Posted on Jan. 28, 2019

With the Wayfair decision clarifying nexus under the commerce clause, federal due process clause questions look to be the next front of the nexus fight — and a trust case could be the first vehicle for Supreme Court commentary on the issue.

The Court on January 11 agreed to review the North Carolina Supreme Court’s decision in Kimberley Rice Kaestner 1992 Family Trust v. Department of Revenue, a case involving whether an in-state beneficiary alone is sufficient contact to allow the state to tax a trust under the due process clause.

The case is one of two trust taxation cases involving the due process clause before the Court.
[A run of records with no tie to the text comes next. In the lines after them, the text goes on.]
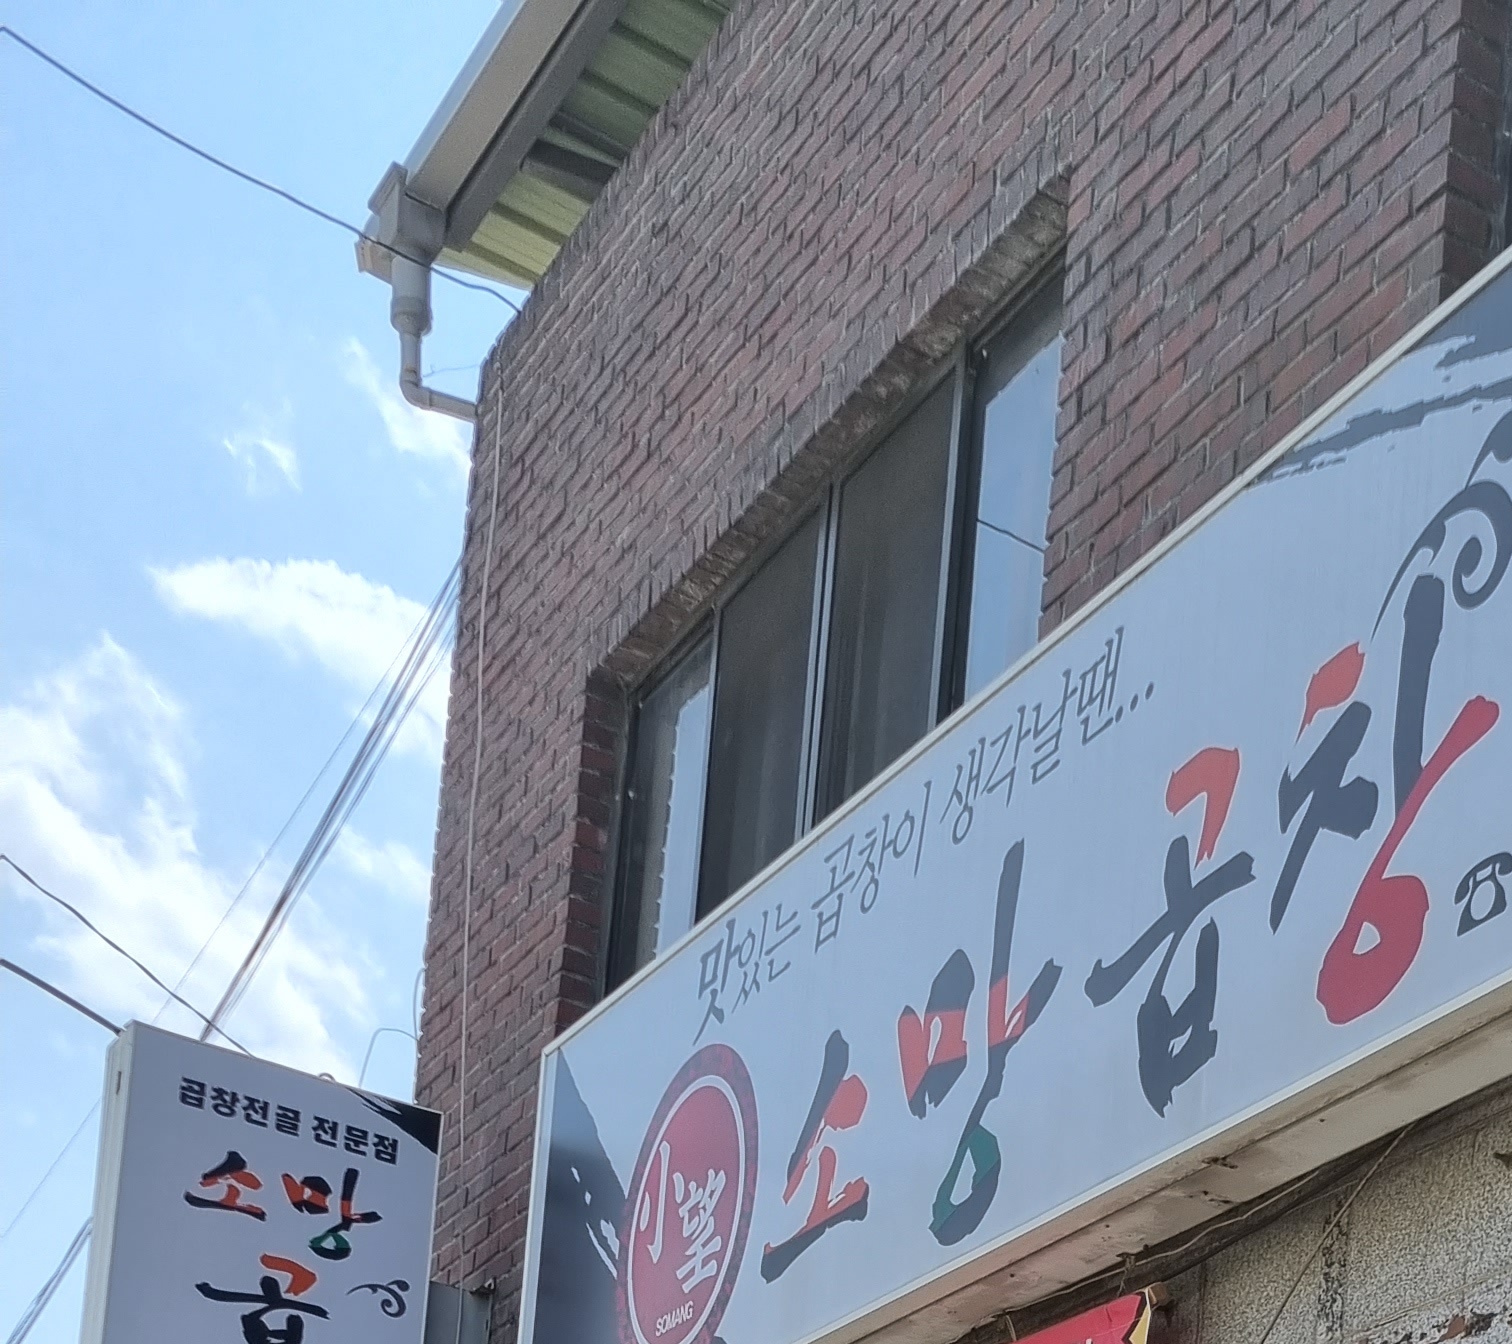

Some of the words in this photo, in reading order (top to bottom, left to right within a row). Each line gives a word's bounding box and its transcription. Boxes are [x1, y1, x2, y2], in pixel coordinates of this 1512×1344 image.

[693, 919, 801, 1046] 맛있는
[811, 781, 931, 954] 곱창이
[178, 1075, 302, 1138] 곱창전골
[310, 1115, 400, 1166] 전문점
[183, 1150, 383, 1260] 소망
[655, 1301, 694, 1337] SOMANG
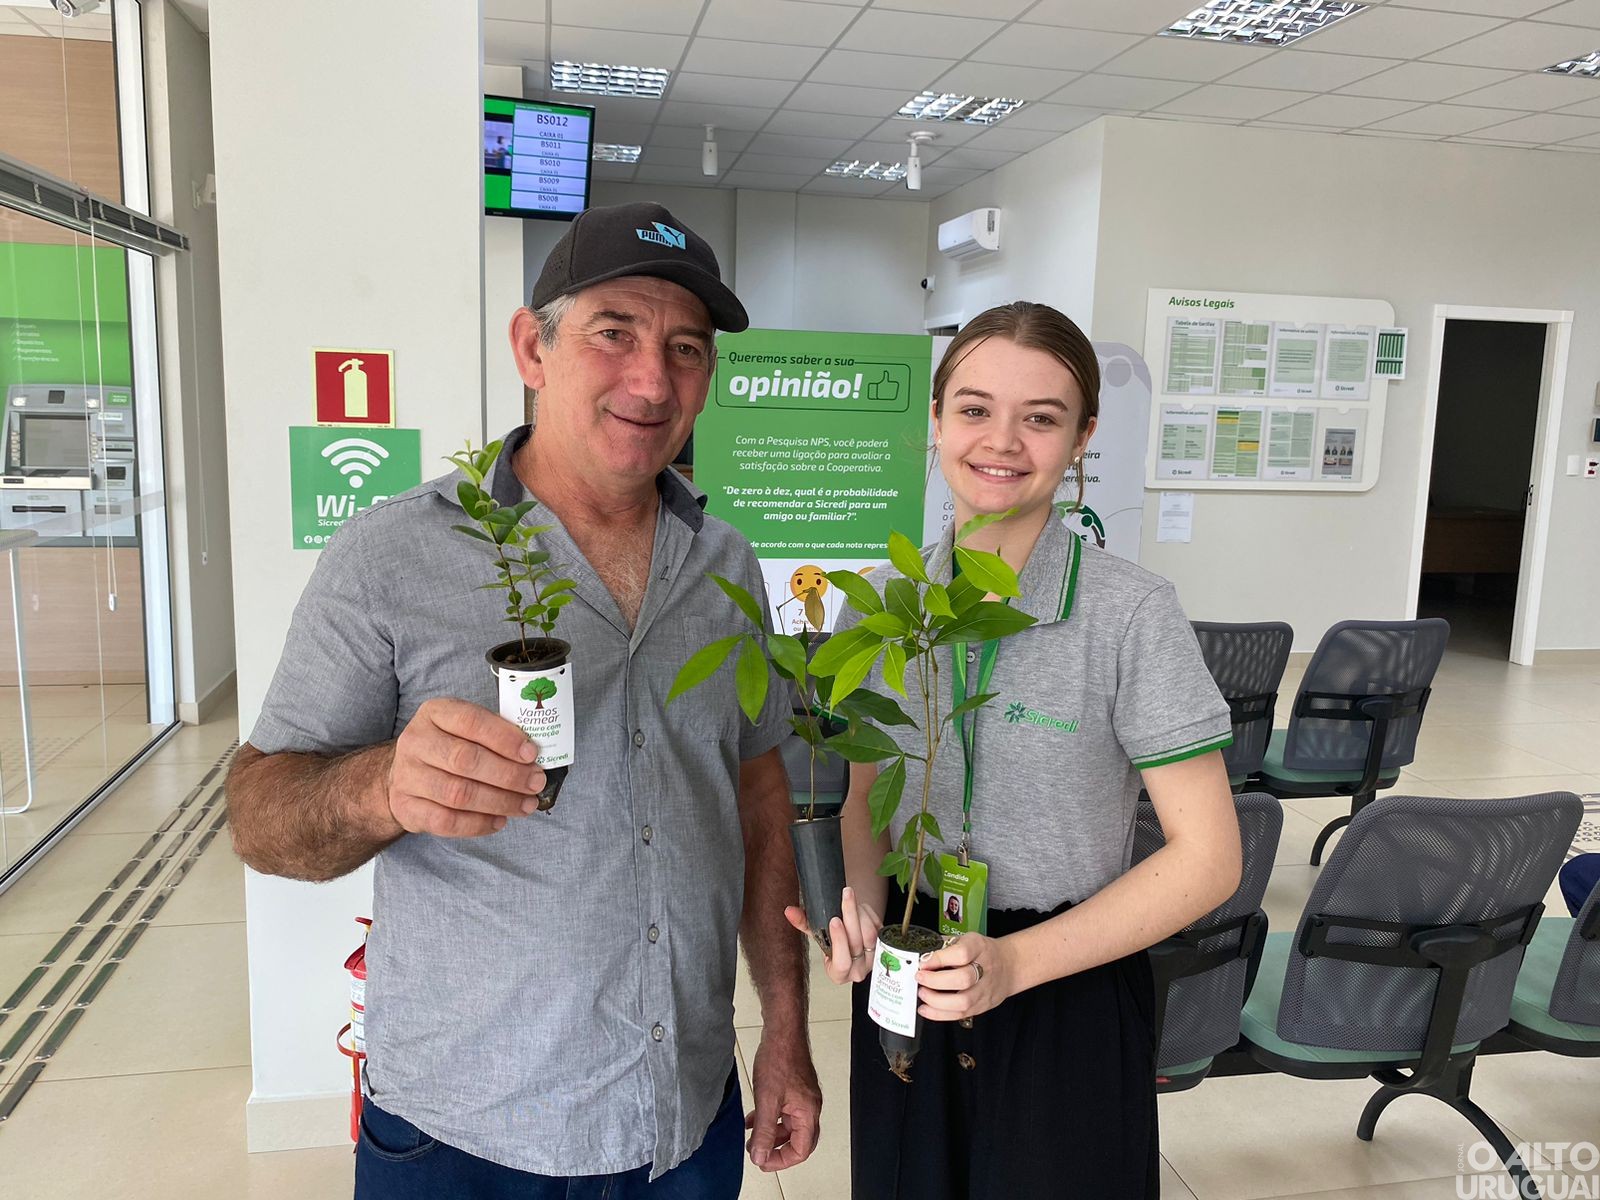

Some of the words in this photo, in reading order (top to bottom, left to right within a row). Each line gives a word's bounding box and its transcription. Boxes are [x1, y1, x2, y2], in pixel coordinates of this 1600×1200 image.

[536, 114, 568, 127] BS012
[541, 141, 561, 149] BS011
[540, 159, 560, 167] BS010
[539, 177, 560, 185] BS009
[538, 195, 559, 203] BS008
[1168, 296, 1201, 307] Avisos
[1203, 298, 1235, 310] Legais
[728, 352, 787, 364] Queremos
[790, 355, 822, 365] saber
[834, 358, 855, 366] sua
[729, 369, 863, 402] opinião!
[735, 435, 757, 445] Com
[758, 437, 765, 445] a
[767, 436, 809, 447] Pesquisa
[810, 437, 831, 447] NPS,
[833, 437, 855, 448] você
[856, 439, 889, 449] poderá
[732, 449, 768, 458] receber
[792, 449, 826, 461] ligação
[828, 451, 850, 461] para
[851, 451, 883, 461] avaliar
[739, 461, 788, 472] satisfação
[790, 462, 817, 472] sobre
[818, 464, 825, 472] a
[826, 462, 883, 473] Cooperativa.
[741, 488, 763, 496] zero
[765, 486, 771, 496] à
[773, 487, 793, 497] dez,
[794, 488, 816, 498] qual
[817, 487, 824, 497] é
[825, 489, 832, 497] a
[833, 488, 899, 498] probabilidade
[316, 495, 396, 517] Wi-
[733, 498, 746, 507] de
[747, 499, 806, 508] recomendar
[815, 499, 848, 509] Sicredi
[848, 502, 871, 510] para
[763, 511, 794, 522] amigo
[795, 513, 807, 521] ou
[318, 519, 346, 527] Sicred
[811, 542, 825, 550] que
[826, 541, 844, 549] cada
[864, 542, 889, 550] repres
[519, 707, 558, 717] Vamos
[516, 714, 560, 725] semear
[1026, 709, 1079, 734] Sicredi
[546, 723, 561, 731] com
[546, 753, 569, 763] Sicredi
The Minnesota Department of Revenue is asking the Court to review the state supreme court’s decision in Fielding v. Commissioner of Revenue, which held that four resident trusts administered by an out-of-state trustee do not have sufficient minimum contacts for Minnesota to impose tax.

Weeks before the Court granted cert in Kimberley Rice Kaestner, Multistate Tax Commission Counsel Bruce Fort and Jeffrey Friedman of Eversheds Sutherland (US) LLP agreed that the South Dakota v. Wayfair Inc. decision “is going to put more pressure on the due process clause.”
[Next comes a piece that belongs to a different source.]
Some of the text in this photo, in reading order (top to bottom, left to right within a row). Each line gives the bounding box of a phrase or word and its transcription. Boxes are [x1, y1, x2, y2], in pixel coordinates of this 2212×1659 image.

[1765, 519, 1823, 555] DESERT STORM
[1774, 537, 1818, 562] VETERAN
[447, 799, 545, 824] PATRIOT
"I think we’re already seeing that in some of these trust cases,” Fort said December 17 at the New York University School of Professional Studies Institute on State and Local Taxation.

“It’s interesting to find cases where courts have said there is overreaching for nexus purposes,” Friedman said of the trust cases. He added that state courts seem to believe “it is a bridge too far” for a single in-state beneficiary to be enough to confer nexus over the trust.
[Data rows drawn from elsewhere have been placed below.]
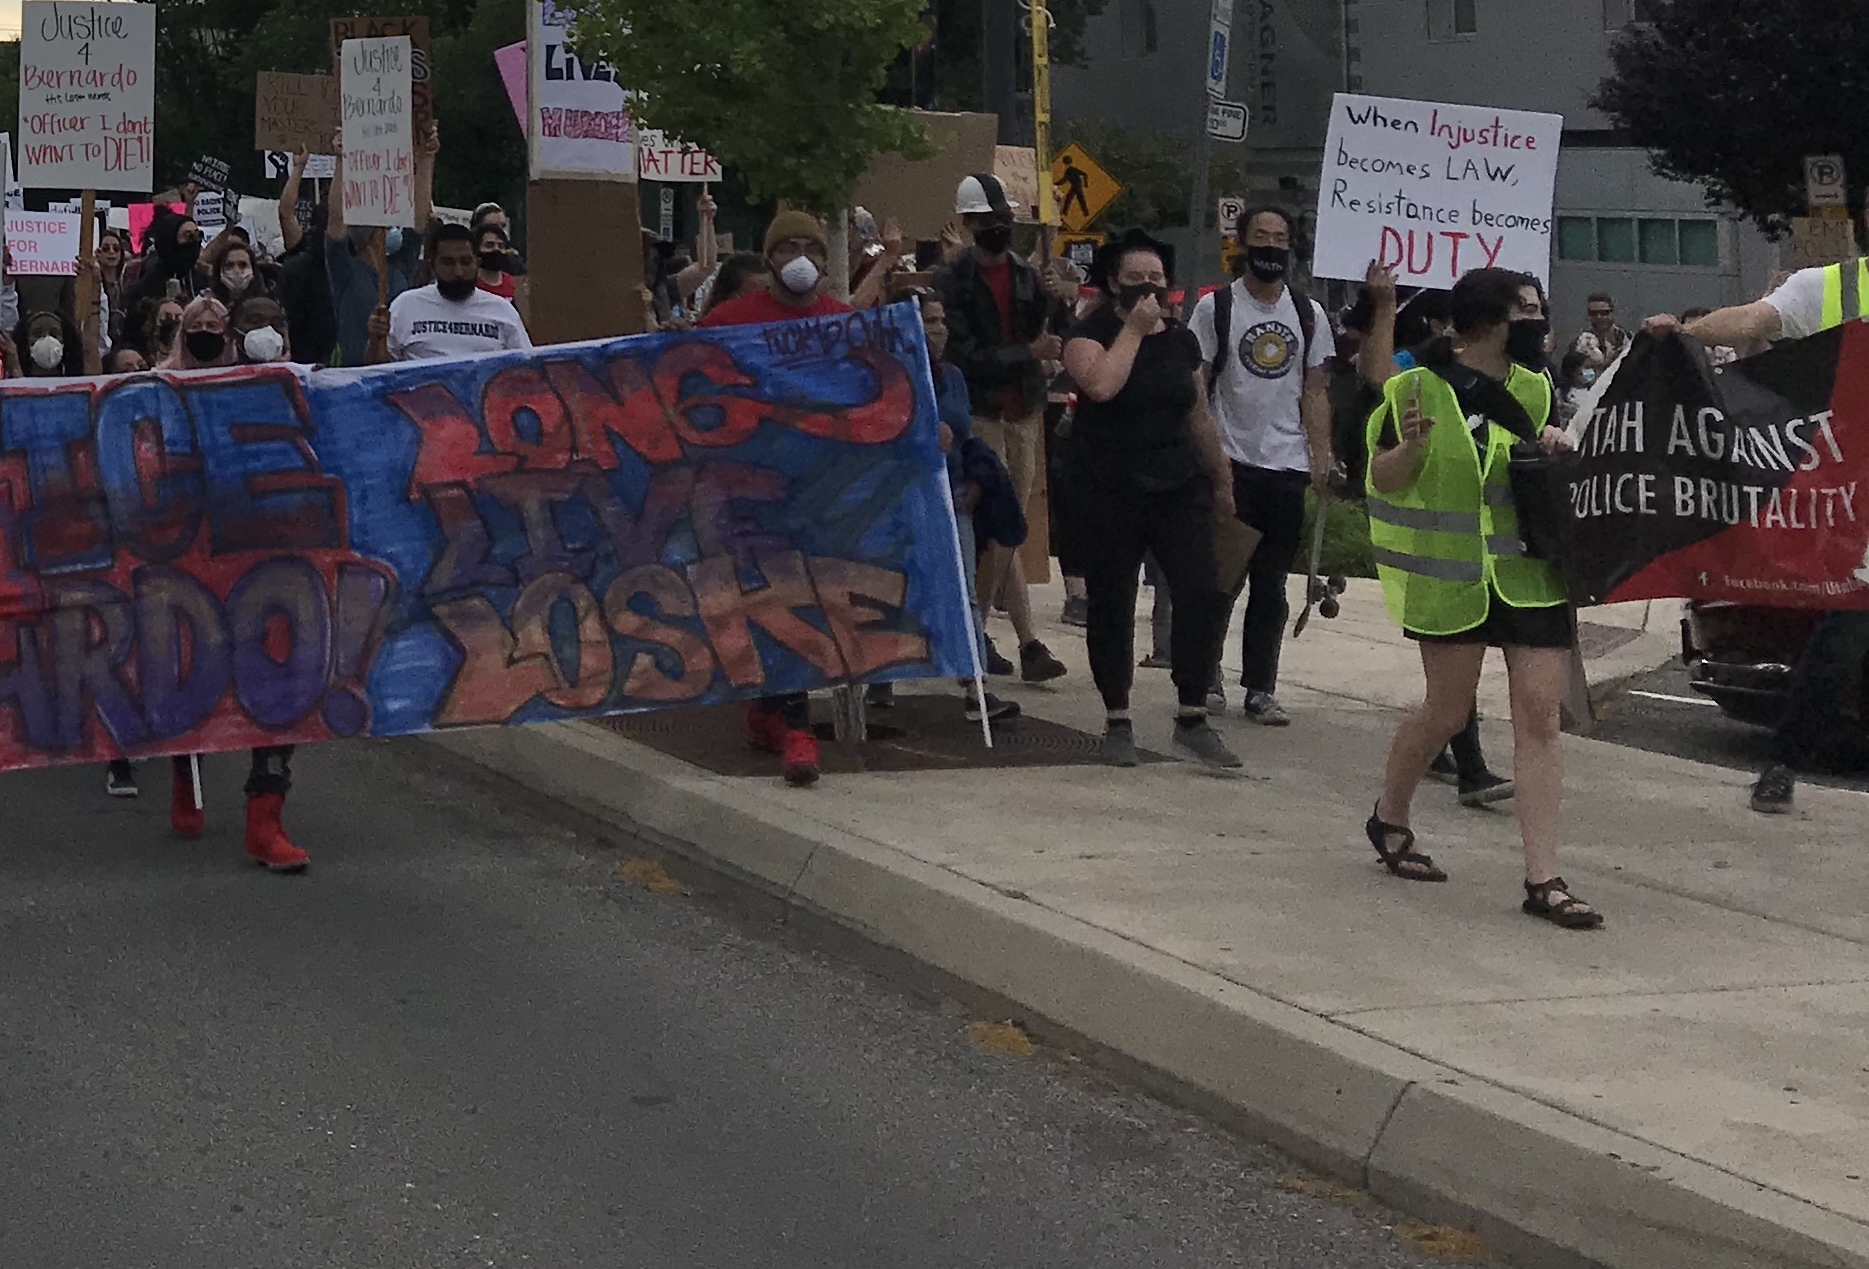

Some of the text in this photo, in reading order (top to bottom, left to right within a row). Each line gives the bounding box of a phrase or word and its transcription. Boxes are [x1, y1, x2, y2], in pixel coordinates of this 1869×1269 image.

[41, 1, 129, 42] Justice
[77, 42, 93, 66] 4
[24, 63, 138, 92] Bernardo
[372, 77, 382, 97] 4
[99, 114, 113, 131] I
[1347, 105, 1537, 150] When Injustice
[24, 143, 75, 166] WANT
[1336, 136, 1520, 187] becomes LAW,
[1330, 177, 1552, 235] Resistance becomes
[6, 220, 68, 235] JUSTICE
[7, 239, 39, 253] FOR
[1253, 257, 1284, 272] MATH
[1379, 224, 1505, 278] DUTY
[387, 339, 917, 502] LONG
[1580, 400, 1645, 459] TAH
[1672, 475, 1858, 530] BRUTALITY
[420, 459, 792, 596] LIVE
Trust income just needs to be apportioned, Fort said. “I think that when it’s an all-or-nothing kind of tax, courts are much more likely to say, 'well, why should it be our state that gets all of it?'” Fort said. He agreed with Friedman that the Kimberley Rice Kaestner case “might be a situation of a bridge too far,” and added that the North Carolina courts seemed “bothered by the idea that nexus was created by one beneficiary in the state that didn’t even take her distributions.”

Friedman said states' attempts to tax the entire unapportioned gain or income of a trust add to the possibility of overreach and could make such cases more appealing for review by the courts.

During a later panel at the NYU forum, Steve Wlodychak of EY said the counsel for the Kaestner Trust waived the trust’s right to respond to North Carolina’s cert petition, but that after the justices went to conference, the Court ordered the trust to file a response.

Bruce Ely of Bradley Arant Boult Cummings LLP said such an order is rare, while Wlodychak added that he doesn’t know what it means.

“The fact that the Supreme Court asked the taxpayer to file a response, that’s kind of ominous,” Wlodychak said.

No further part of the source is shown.